Pointwise Properties of Fourier-Jacobi-Forms

TL;DR

This paper investigates the properties of Fourier-Jacobi-forms, showing how their coefficient modular forms relate to Siegel cusp forms and establishing conditions for full rank in the Satake boundary, with implications for automorphic embeddings.

Contribution

It demonstrates the full rank of coefficient modular forms from Siegel cusp forms at boundary points under certain conditions and compares the abundance of Jacobi and Fourier-Jacobi cusp forms.

Findings

Full rank of coefficient modular forms at boundary points for large weights.

Existence of more Jacobi cusp forms than Fourier-Jacobi cusp forms at high weights.

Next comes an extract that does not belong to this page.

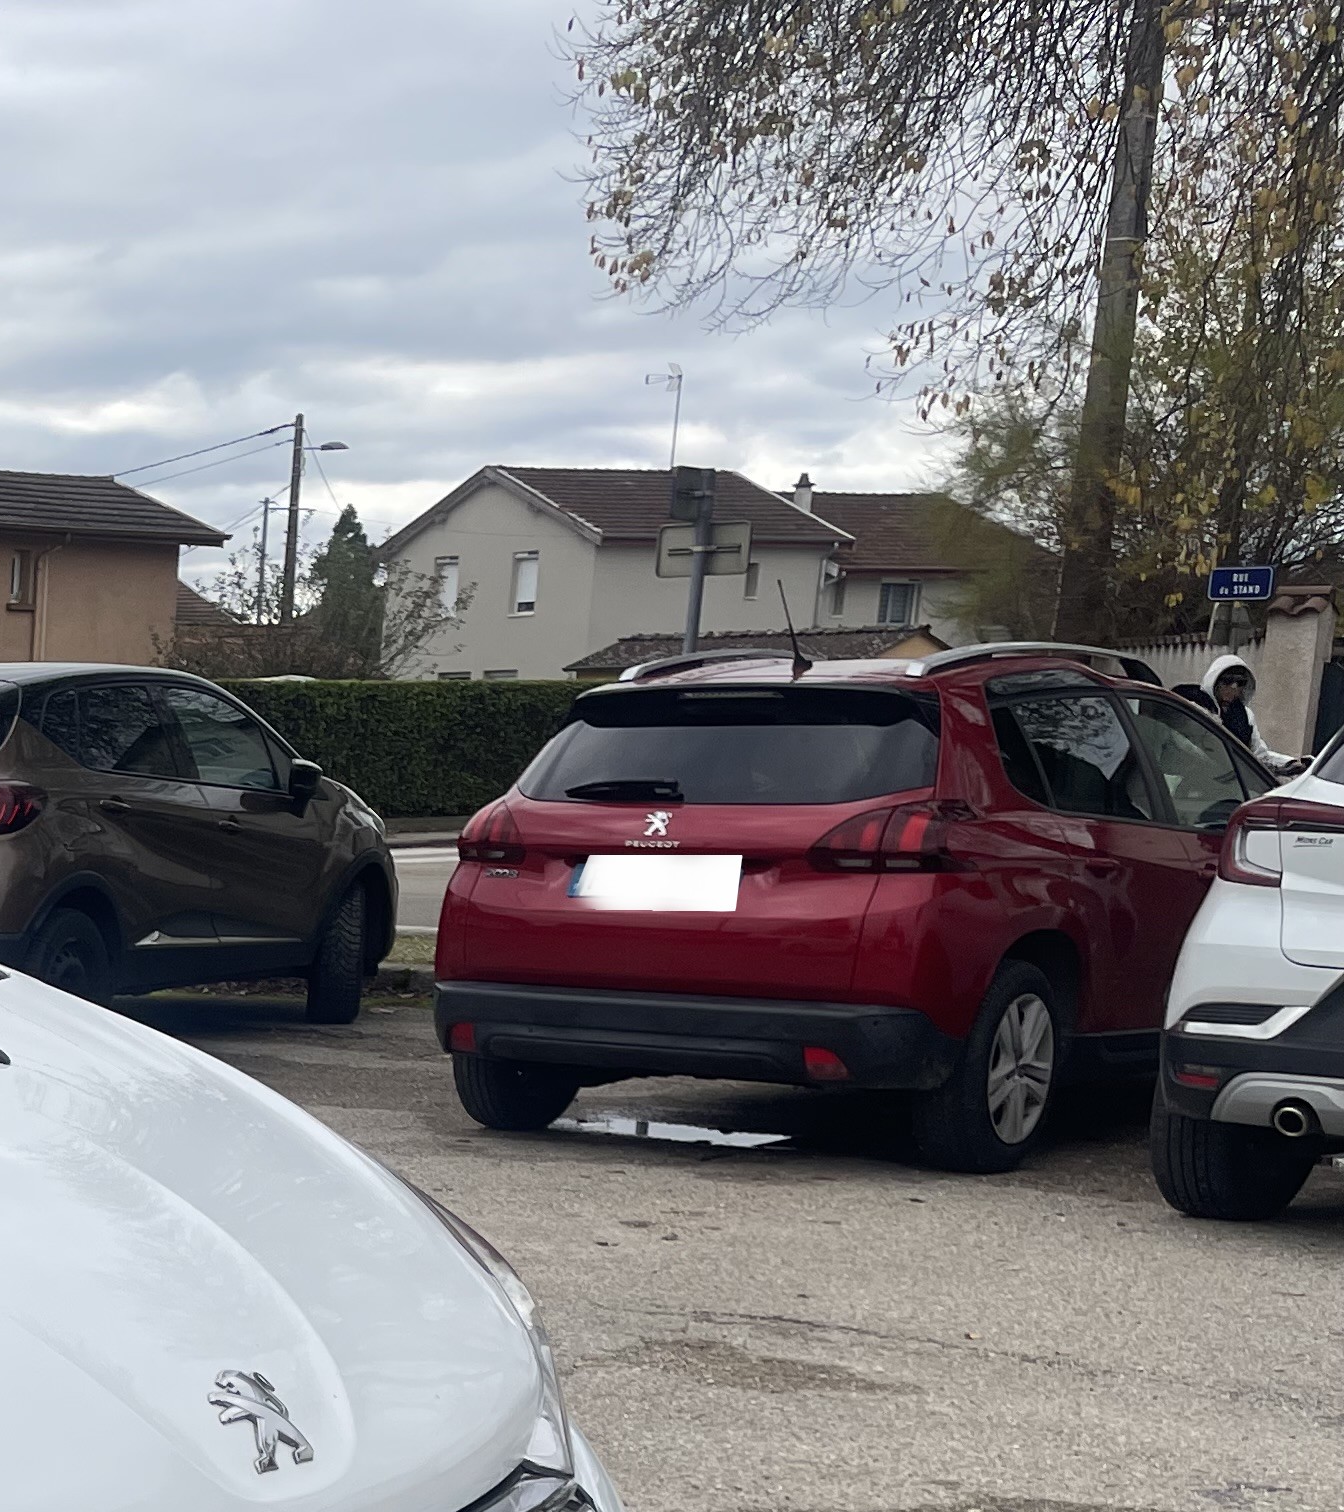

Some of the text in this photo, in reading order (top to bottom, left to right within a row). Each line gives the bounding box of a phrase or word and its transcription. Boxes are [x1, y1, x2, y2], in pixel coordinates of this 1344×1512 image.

Local automorphic embedding of Siegel modular varieties.

Abstract

Jacobi-Forms can be decomposed as a linear combination of Thetafunctions with modular forms as coefficients. It is shown that the space of these coefficient modular forms of Fourier-Jacobi-Forms, which come from Siegel cusp forms, has full rank in every point of the Satake boundary, if the index is 1, the weight is sufficiently large and the Satake boundary point has trivial stabilizer in $\Gamma_{n-1}$. This yields a local automorphic embedding of the Siegel modular variety. Klingen-Poincare series are the main tool. Despite of this richness it is proved that there are more Jacobi index 1 cusp forms than Fourier-Jacobi index 1 cusp forms for all sufficiently large weights extending a result of Dulinski.